Perceived as new phenomena of the late modern period, 'hyper-mobility' and 'highly-mobile people' have attracted much media attention and become popular topics for globalization and mobility studies. However, throughout history, social groups and professional milieus, such as artists, circus families, or traveller minorities, have practiced highly mobile ways of life. Analyzing privileged and non-privileged mobilities allows for a critical discussion of social differentiation and power relations while drawing attention to (im)mobility patterns, mobility regimes and mechanisms of control.
The panel seeks to contribute to an empirically founded multi-dimensional understanding of translocal ways of life. It will focus on network and community formation, work and labor issues, life course and everyday life-world, family and conceptions of "home" under mobile circumstances.
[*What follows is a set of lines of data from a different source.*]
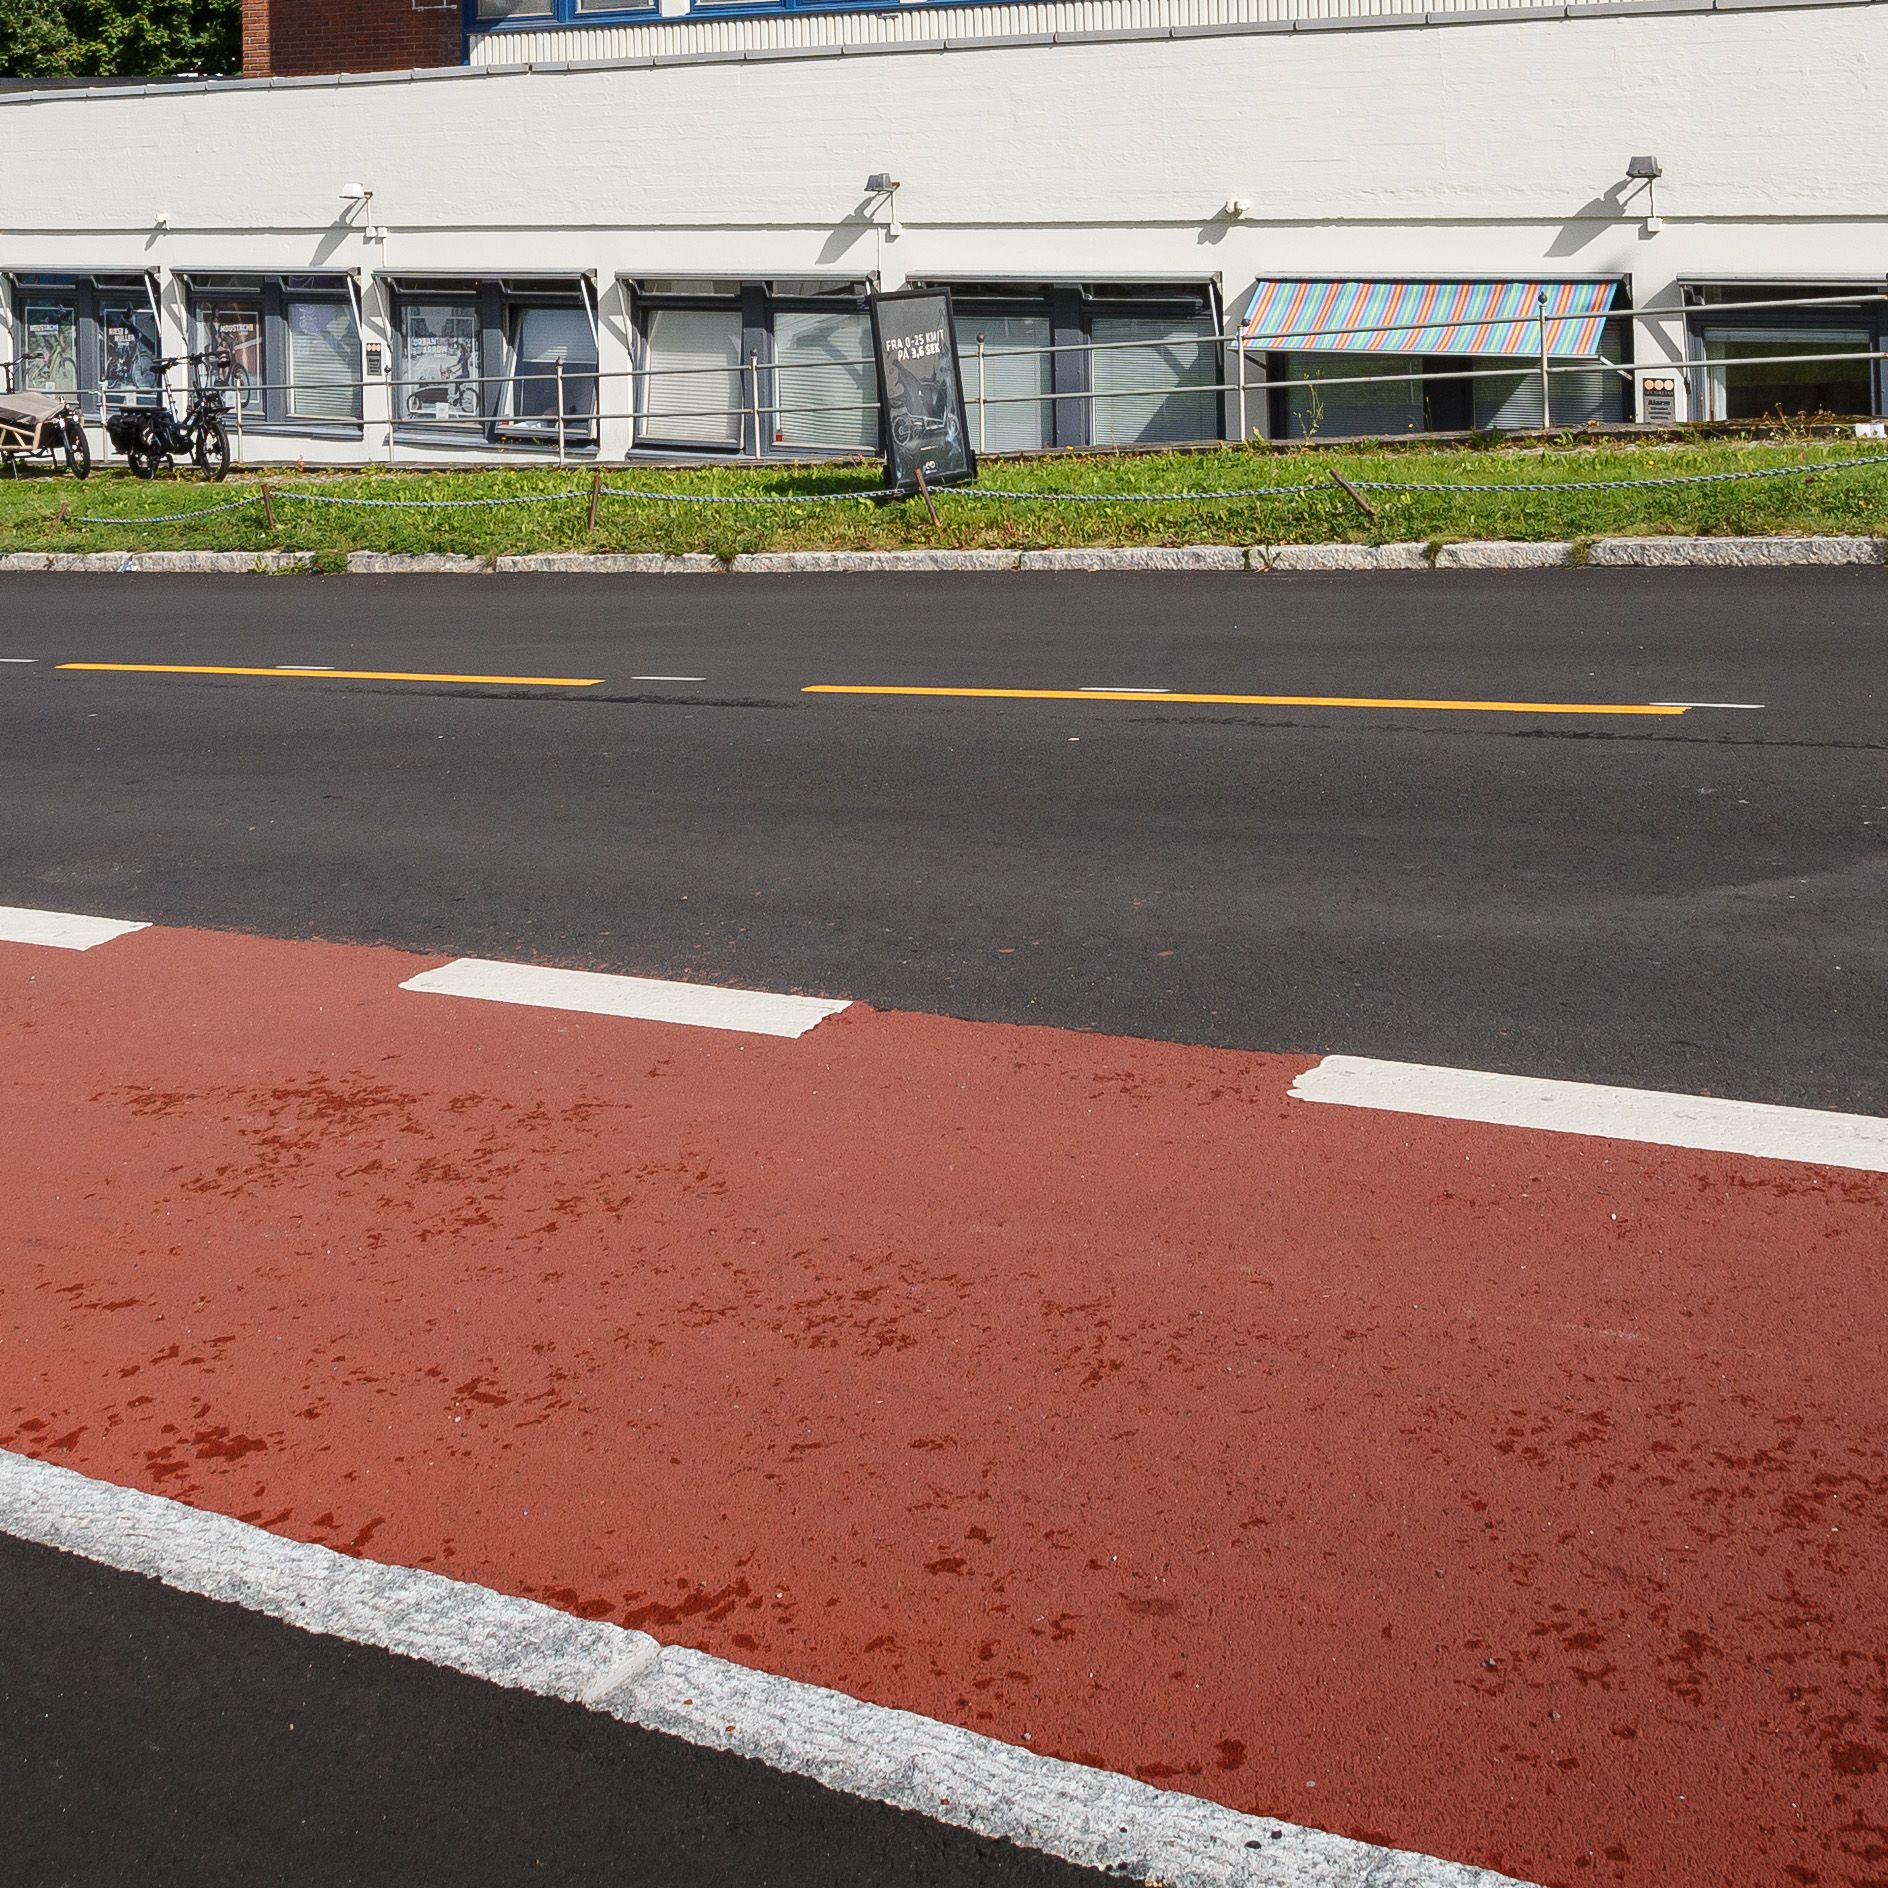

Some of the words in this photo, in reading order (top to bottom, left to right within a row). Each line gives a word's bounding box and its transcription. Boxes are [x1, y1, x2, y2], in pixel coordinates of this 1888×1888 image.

[886, 339, 903, 352] FRA
[904, 333, 924, 349] 0-25
[925, 329, 945, 345] KM/T
[897, 346, 910, 361] PÅ
[911, 345, 925, 360] 3,6
[925, 341, 941, 355] SEK
It emphasizes interdisciplinary and comparative approaches and aims at an analytical differentiation, addressing the following questions:
How can we empirically explore mobile life-worlds in Europe?
In which ways can we unravel dynamics in the entangled history of highly-mobile groups and shed light on the central areas of close encounter with majority populations and nation states?
Can highly mobile groups serve as an epistemic tool to counter/read the theoretical figure of the post-modern nomad and go beyond mobile/sedentary binarisms?
CONCEPTUAL APPROACHES discusses central theoretical aspects, conceptual frameworks and terminological issues relating to movement, mobility, and circulation.
HISTORICAL INSIGHTS addresses long-term perspectives on and contemporary experiences of highly mobile groups.
METHOLOGICAL CHALLENGES gathers new insights and queries arising from empirical research on transient phenomena.